The TU Dortmund University has collected a wide range of different graph classification datasets, known as the TUDatasets, which are also accessible via torch_geometric.datasets.TUDataset in PyTorch Geometric. Let’s load and inspect one of the smaller ones, the MUTAG dataset:

import torch
from torch_geometric.datasets import TUDataset

dataset = TUDataset(root='data/TUDataset', name='MUTAG')

print()
print(f'Dataset: {dataset}:')
print('====================')
print(f'Number of graphs: {len(dataset)}')
print(f'Number of features: {dataset.num_features}')
print(f'Number of classes: {dataset.num_classes}')

data = dataset[0]  # Get the first graph object.

print()
print(data)
print('=============================================================')

# Gather some statistics about the first graph.
print(f'Number of nodes: {data.num_nodes}')
print(f'Number of edges: {data.num_edges}')
print(f'Average node degree: {data.num_edges / data.num_nodes:.2f}')
print(f'Has isolated nodes: {data.has_isolated_nodes()}')
print(f'Has self-loops: {data.has_self_loops()}')
print(f'Is undirected: {data.is_undirected()}')

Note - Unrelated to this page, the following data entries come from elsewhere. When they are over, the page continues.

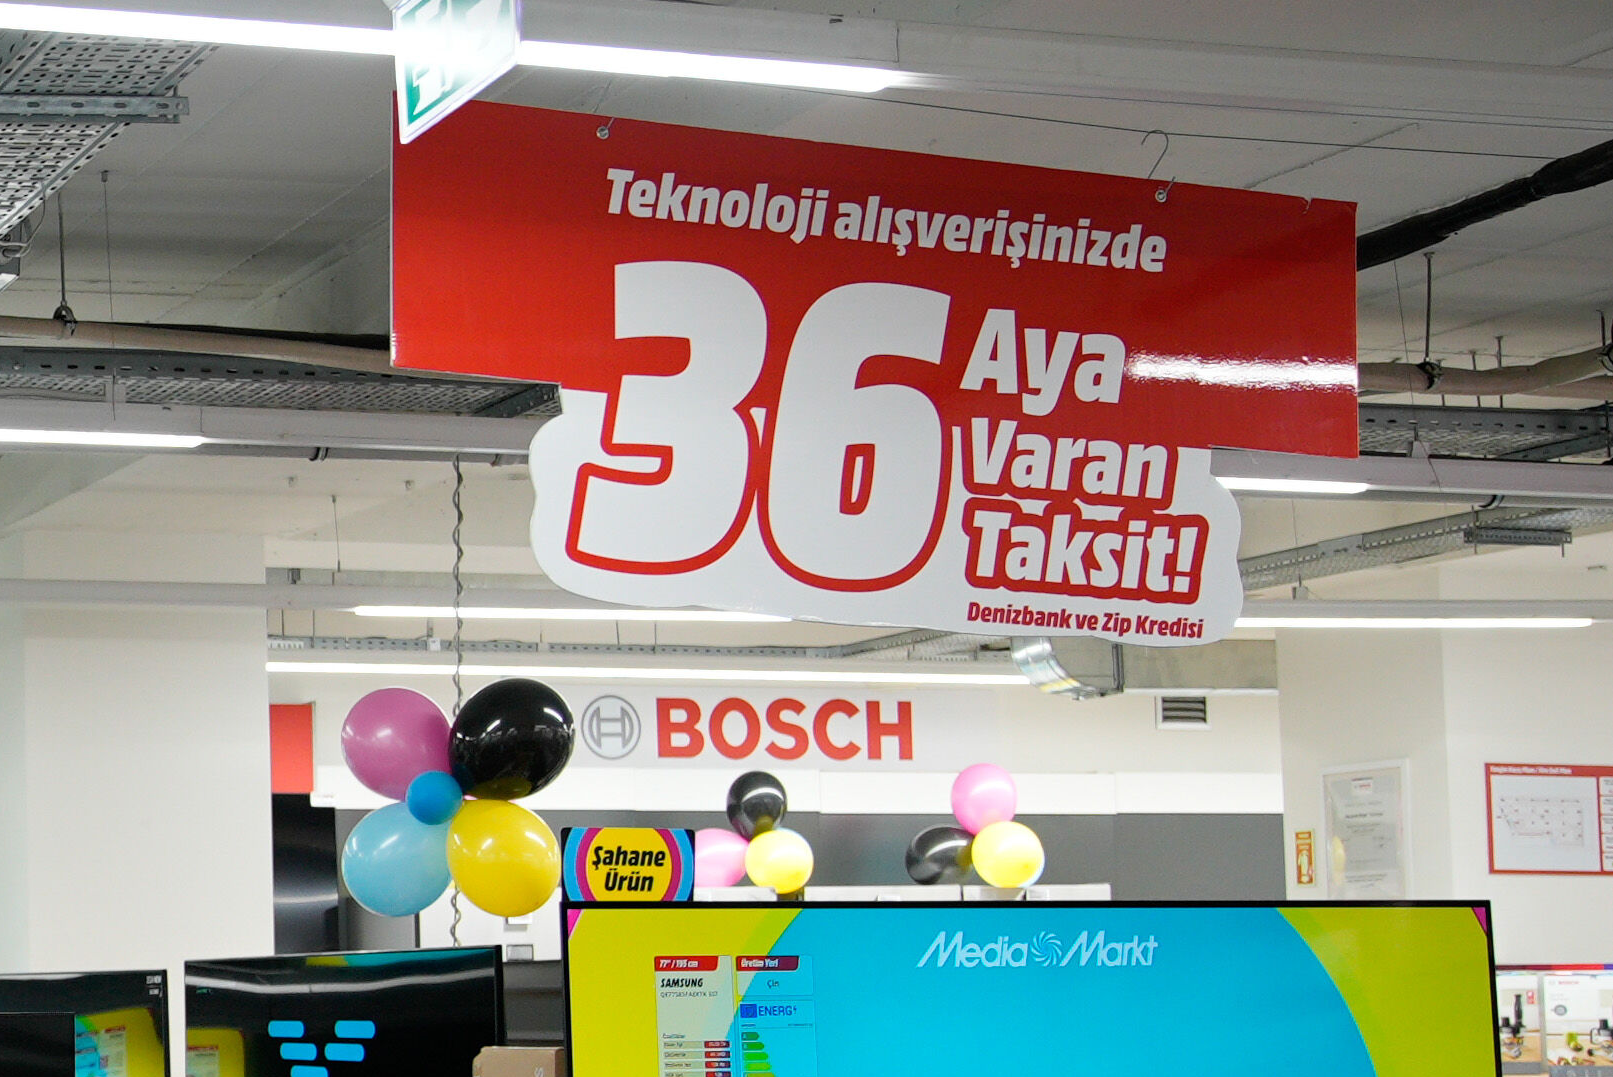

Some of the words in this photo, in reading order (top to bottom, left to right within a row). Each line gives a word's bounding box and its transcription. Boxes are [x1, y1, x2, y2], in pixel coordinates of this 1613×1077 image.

[606, 168, 830, 245] Teknoloji
[834, 196, 1168, 272] alışverişinizde
[959, 308, 1126, 416] Aya
[574, 258, 954, 584] 36
[971, 416, 1168, 499] Varan
[973, 509, 1199, 593] Taksit!
[967, 602, 1073, 629] Denizbank
[1076, 612, 1099, 631] ve
[1101, 612, 1132, 637] Zip
[1135, 615, 1204, 638] Kredisi
[655, 696, 914, 761] BOSCH
[592, 845, 667, 871] Şahane
[604, 868, 655, 892] Ürün
[916, 930, 1028, 968] Media
[1059, 930, 1159, 967] Markt
[660, 977, 704, 988] SAMSUNG
[758, 1005, 793, 1017] ENERG
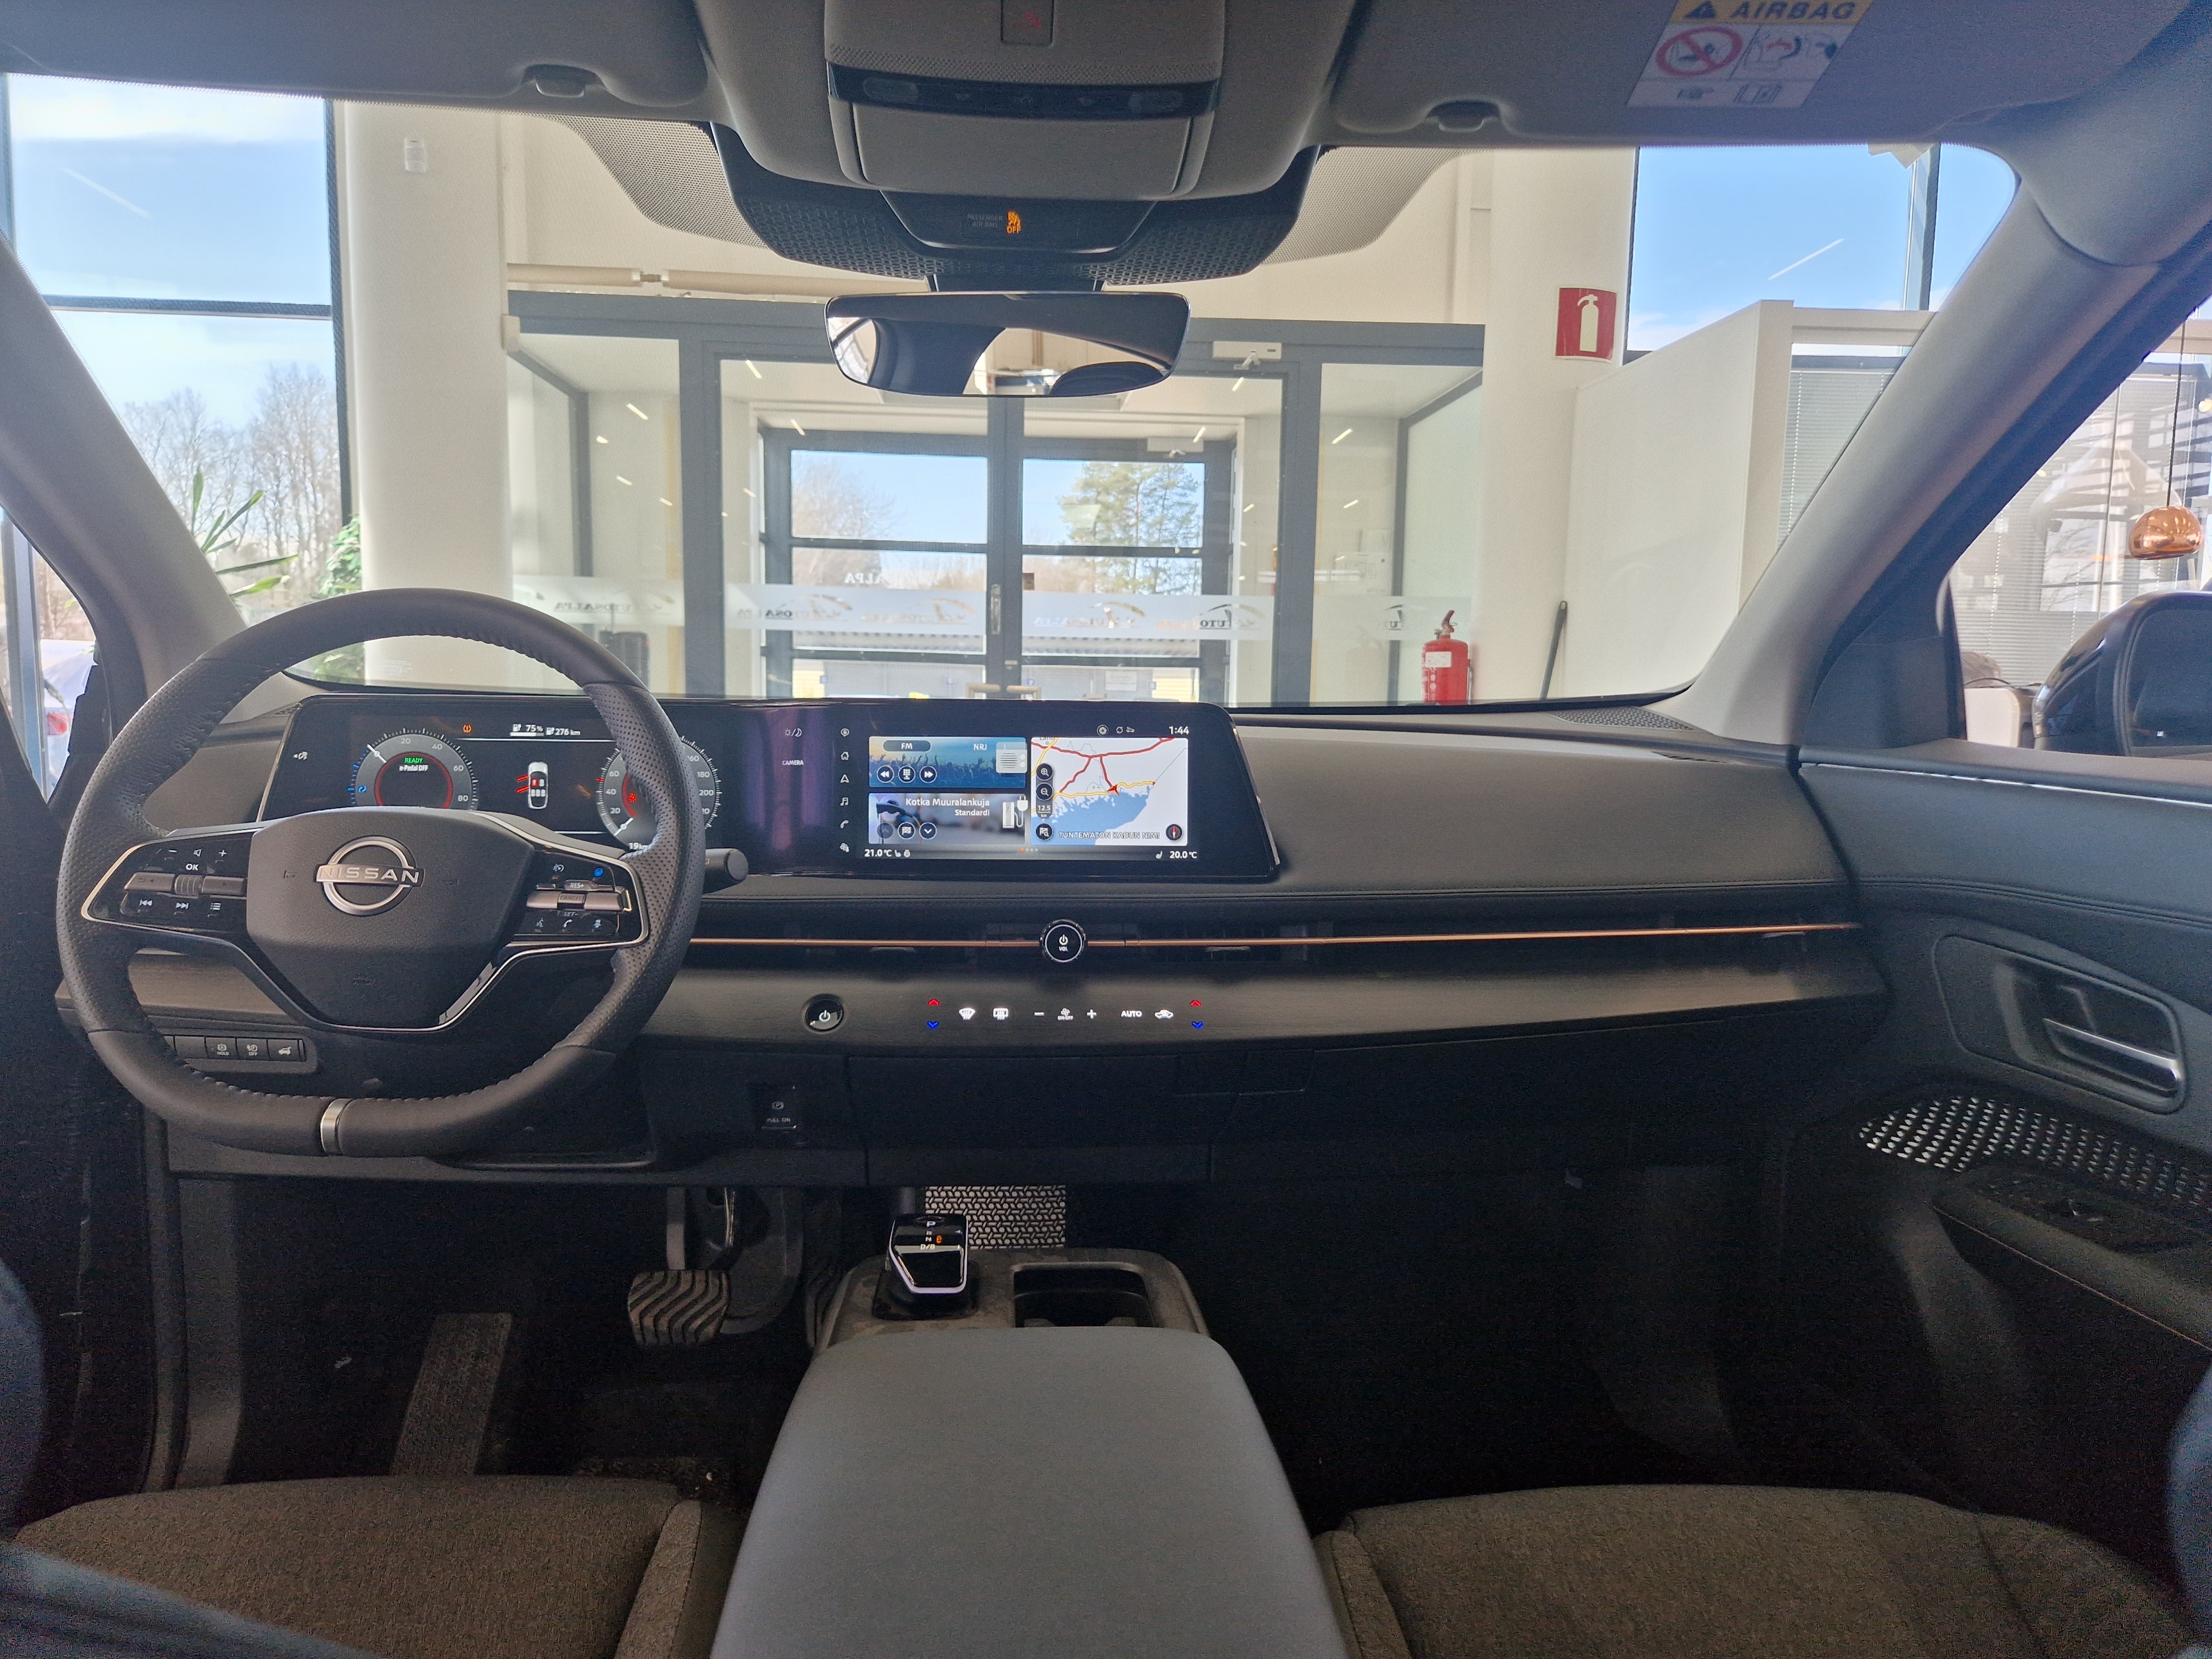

This dataset provides 188 different graphs, and the task is to classify each graph into one out of two classes.

By inspecting the first graph object of the dataset, we can see that it comes with 17 nodes (with 7-dimensional feature vectors) and 38 edges (leading to an average node degree of 2.24). It also comes with exactly one graph label (y=[1]), and, in addition to previous datasets, provides addtional 4-dimensional edge features (edge_attr=[38, 4]). However, for the sake of simplicity, we will not make use of those.

PyTorch Geometric provides some useful utilities for working with graph datasets, e.g., we can shuffle the dataset and use the first 150 graphs as training graphs, while using the remaining ones for testing:

torch.manual_seed(12345)
dataset = dataset.shuffle()

train_dataset = dataset[:150]
test_dataset = dataset[150:]

print(f'Number of training graphs: {len(train_dataset)}')
print(f'Number of test graphs: {len(test_dataset)}')

Mini-batching of graphs

Since graphs in graph classification datasets are usually small, a good idea is to batch the graphs before inputting them into a Graph Neural Network to guarantee full GPU utilization. In the image or language domain, this procedure is typically achieved by rescaling or padding each example into a set of equally-sized shapes, and examples are then grouped in an additional dimension. The length of this dimension is then equal to the number of examples grouped in a mini-batch and is typically referred to as the batch_size.

However, for GNNs the two approaches described above are either not feasible or may result in a lot of unnecessary memory consumption. Therefore, PyTorch Geometric opts for another approach to achieve parallelization across a number of examples. Here, adjacency matrices are stacked in a diagonal fashion (creating a giant graph that holds multiple isolated subgraphs), and node and target features are simply concatenated in the node dimension:
PyG (PyTorch Geometric) GNN 笔记_第2张图片
This procedure has some crucial advantages over other batching procedures:

GNN operators that rely on a message passing scheme do not need to be modified since messages are not exchanged between two nodes that belong to different graphs.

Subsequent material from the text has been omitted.